Saturday, November 15, 2008
This Sunday's sermon in advance...
Already the stores are starting to advertise merchandise at deep discounts but people watching the markets dive and spin are holding on to whatever money they have left. The next few weeks might be some of the best in years to buy a TV but I doubt you'll be going elbow to elbow with other shoppers at Best Buy, let alone the now bankrupt Circuit City. Some of the fancy people are even swallowing their pride and taking that first big step into WalMart or the local thrift store.

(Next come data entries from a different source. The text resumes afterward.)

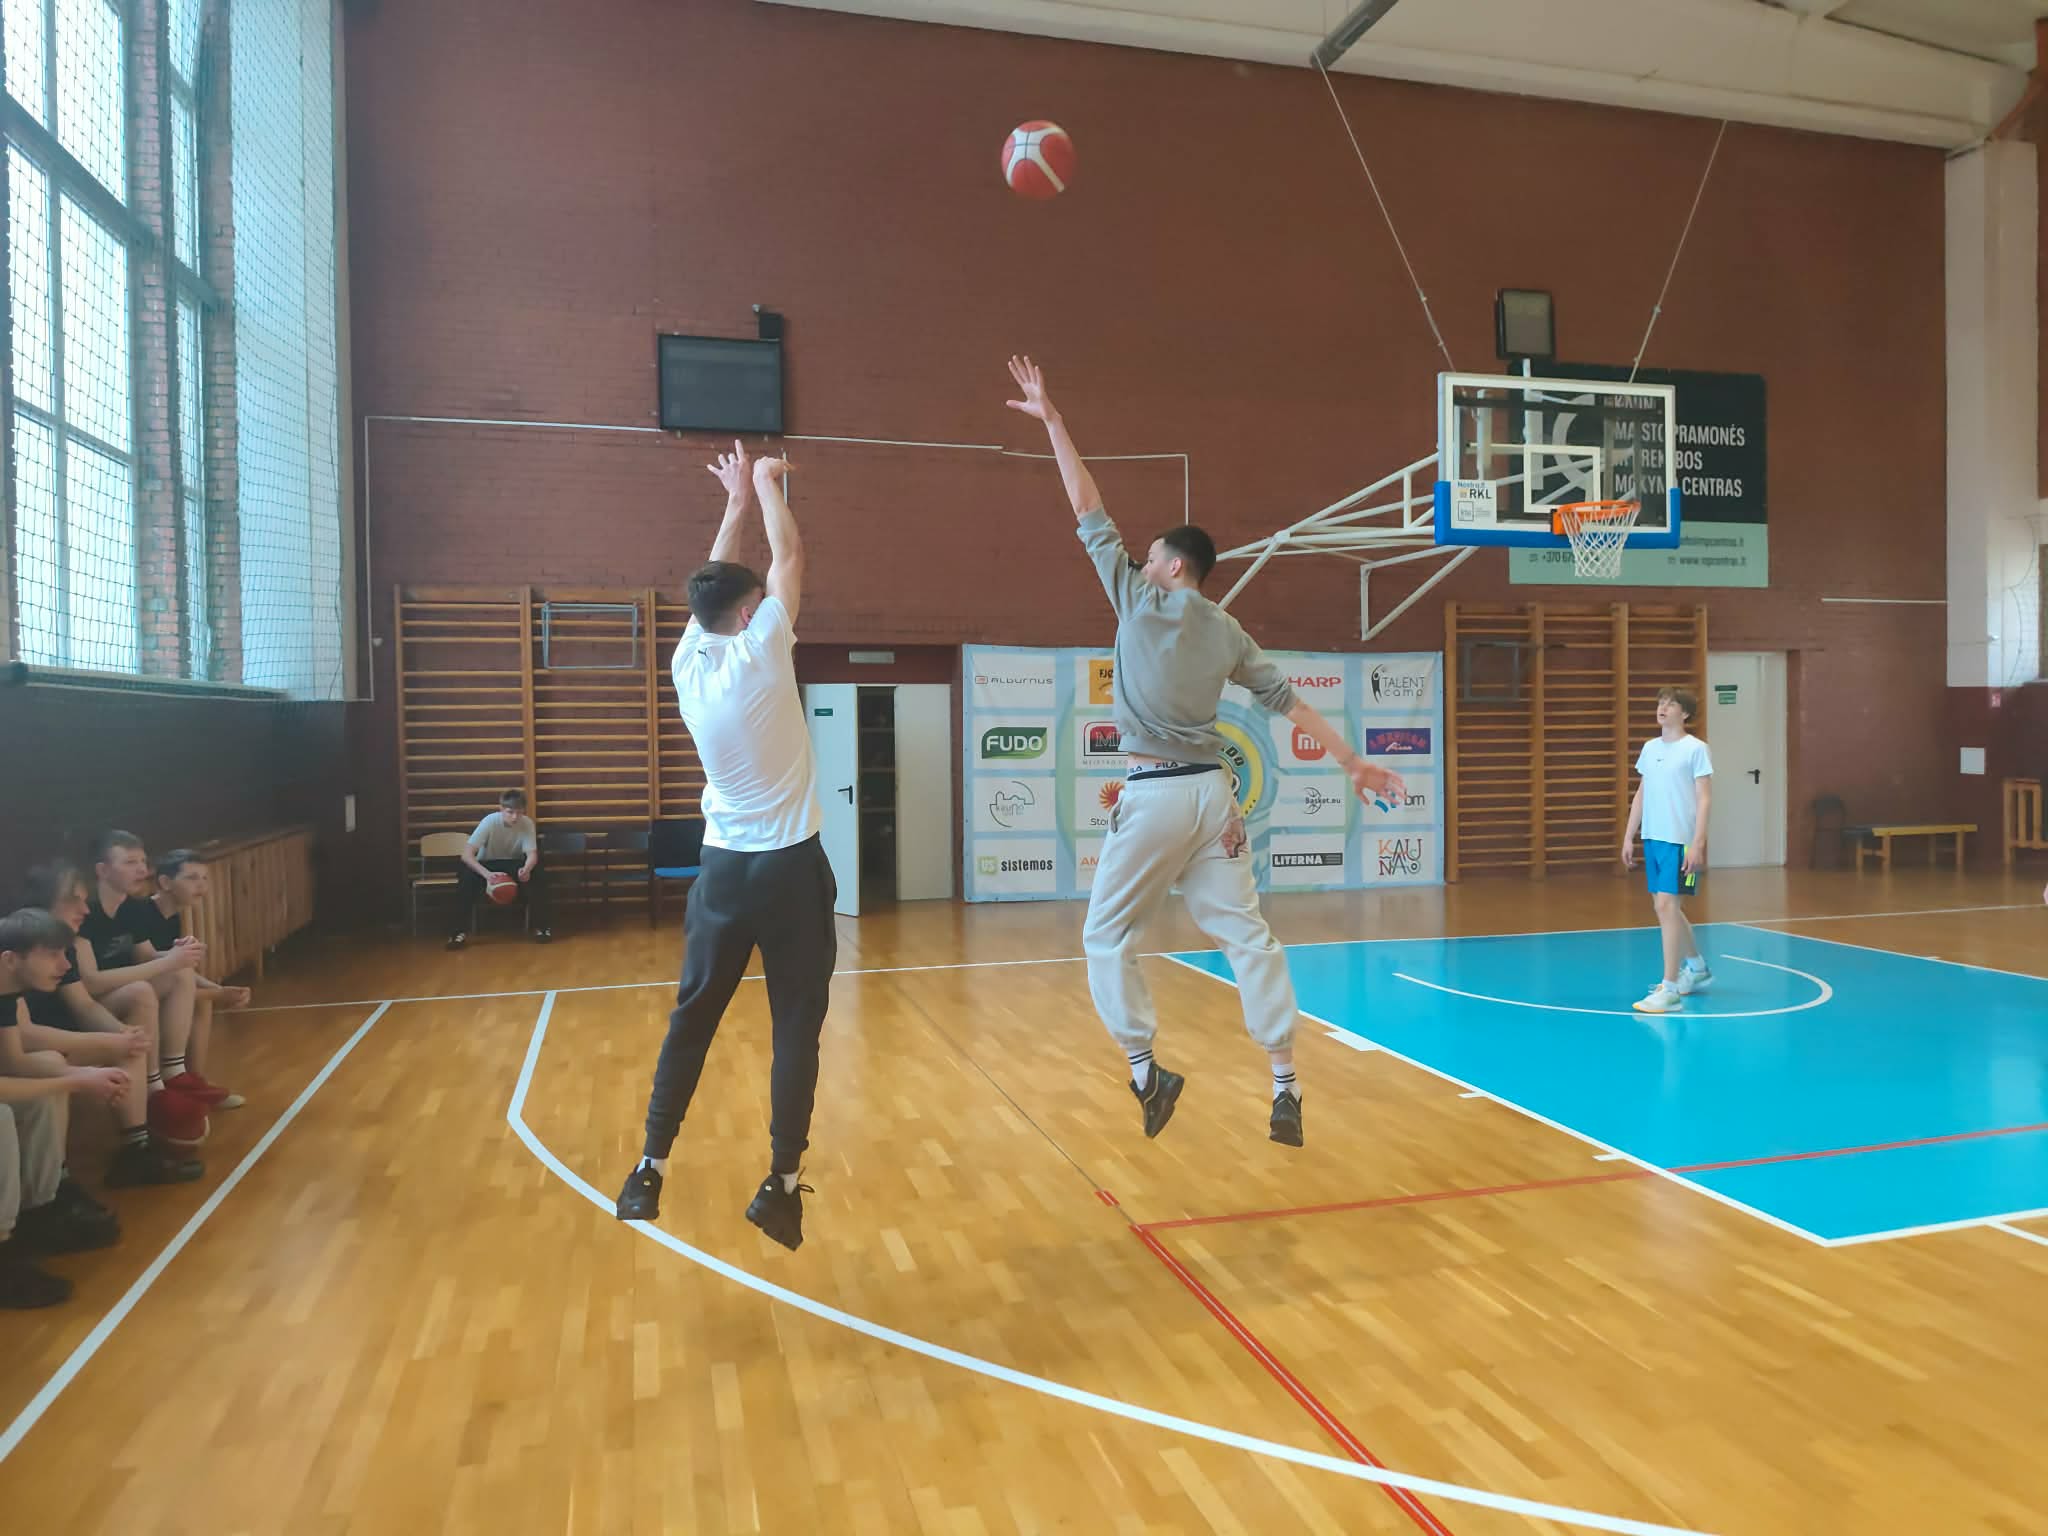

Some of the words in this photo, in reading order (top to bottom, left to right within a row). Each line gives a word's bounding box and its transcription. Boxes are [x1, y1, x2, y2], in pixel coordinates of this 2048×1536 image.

[1682, 477, 1743, 497] CENTRAS
[1469, 489, 1493, 499] RKL
[1287, 676, 1342, 687] HARP
[1382, 676, 1425, 688] TALENT
[986, 736, 1043, 751] FUDO
[1155, 761, 1178, 769] FILA
[1274, 854, 1323, 865] LITERNA
[1001, 859, 1053, 872] sistemos

This is all new to us, or at least to some of us, this insecurity, this sense of limits, this realization that there's a ceiling above us and that times can take a sudden turn. Of course, what we feel now is business as usual in most of the world, in fact its better then the day to day life of many who live with fluctuating politics, uncertain economies, and what we would consider deprivation as a matter of course. But we've been cocooned in our prosperity, wrapped up in a same warm blanket that, until now, has largely kept us out of the cold. Perhaps there is someone now, in some forgotten part of the third world who's looking in on all of this and saying "Perhaps now you'll understand..."
With this sudden and new feeling of vulnerability coursing through our souls we've called out to our leaders to save us but the truth is that ones departing and the ones arriving are basically helpless and somehow deep inside we know it. They're helpless because the whole thing is a house of cards, an illusion, a scheme where we can borrow, beg, or steal our way to ever increasing prosperity and leave the bill for someone else. Well the repo man is here, now, and he's not taking "The check's in the mail" for an answer. And in the face of this uncertainty we might even shake our fists, as it were, at the sky and ask "Why, God? Why this turmoil and why now? Why this disturbance in the quiet comfort of my life? Why these foreboding times?" The answer may have two parts.

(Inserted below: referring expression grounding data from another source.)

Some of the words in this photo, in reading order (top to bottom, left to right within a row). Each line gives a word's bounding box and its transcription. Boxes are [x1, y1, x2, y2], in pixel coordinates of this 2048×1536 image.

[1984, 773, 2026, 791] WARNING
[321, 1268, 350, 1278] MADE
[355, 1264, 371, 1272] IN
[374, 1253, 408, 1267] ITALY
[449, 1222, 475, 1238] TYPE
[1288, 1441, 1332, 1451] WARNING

First, we're going to rediscover that the god we worship, the god of suburban comforts, the giant ATM in the sky who loves America, and has his name on money is not the God who actually exists. That god is an idol, always was, a projection of ourselves and our culture on the skies above and our prayers to such a god echo in an empty room. The God that exists is a fire, powerful, awesome merely at the mention of his name, and calls us both to account and to salvation for the sake of a love that defies our attempts to measure. The life he calls us to is a life completely alive, completely human, a life where we are transfigured by divinity and called to shine with perfect light even in a world darkness often seems to rule. And second, this God loves us so much that he may even allow our money, our security, and our earthly stability, to be taken away from us so that we discover, again, those things that are eternal, those things that last, those things which make us human, those things which can never be taken away. In short, to rediscover God. We may have to lose the whole world, as Jesus tells us, to save our own soul.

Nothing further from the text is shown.